### EXERCISE OBJECTIVE
Each line below should be written out again without any change.

### DATA FOR ANALYSIS
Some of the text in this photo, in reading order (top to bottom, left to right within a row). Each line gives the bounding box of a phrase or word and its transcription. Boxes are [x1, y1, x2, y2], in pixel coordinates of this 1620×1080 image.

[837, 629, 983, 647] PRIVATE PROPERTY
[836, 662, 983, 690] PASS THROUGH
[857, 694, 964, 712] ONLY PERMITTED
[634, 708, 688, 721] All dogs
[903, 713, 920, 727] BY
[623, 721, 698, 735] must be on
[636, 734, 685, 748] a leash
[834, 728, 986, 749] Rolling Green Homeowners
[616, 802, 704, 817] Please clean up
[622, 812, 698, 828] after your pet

### REPLY
Some of the text in this photo, in reading order (top to bottom, left to right within a row). Each line gives the bounding box of a phrase or word and its transcription. Boxes are [x1, y1, x2, y2], in pixel coordinates of this 1620×1080 image.

[837, 629, 983, 647] PRIVATE PROPERTY
[836, 662, 983, 690] PASS THROUGH
[857, 694, 964, 712] ONLY PERMITTED
[634, 708, 688, 721] All dogs
[903, 713, 920, 727] BY
[623, 721, 698, 735] must be on
[636, 734, 685, 748] a leash
[834, 728, 986, 749] Rolling Green Homeowners
[616, 802, 704, 817] Please clean up
[622, 812, 698, 828] after your pet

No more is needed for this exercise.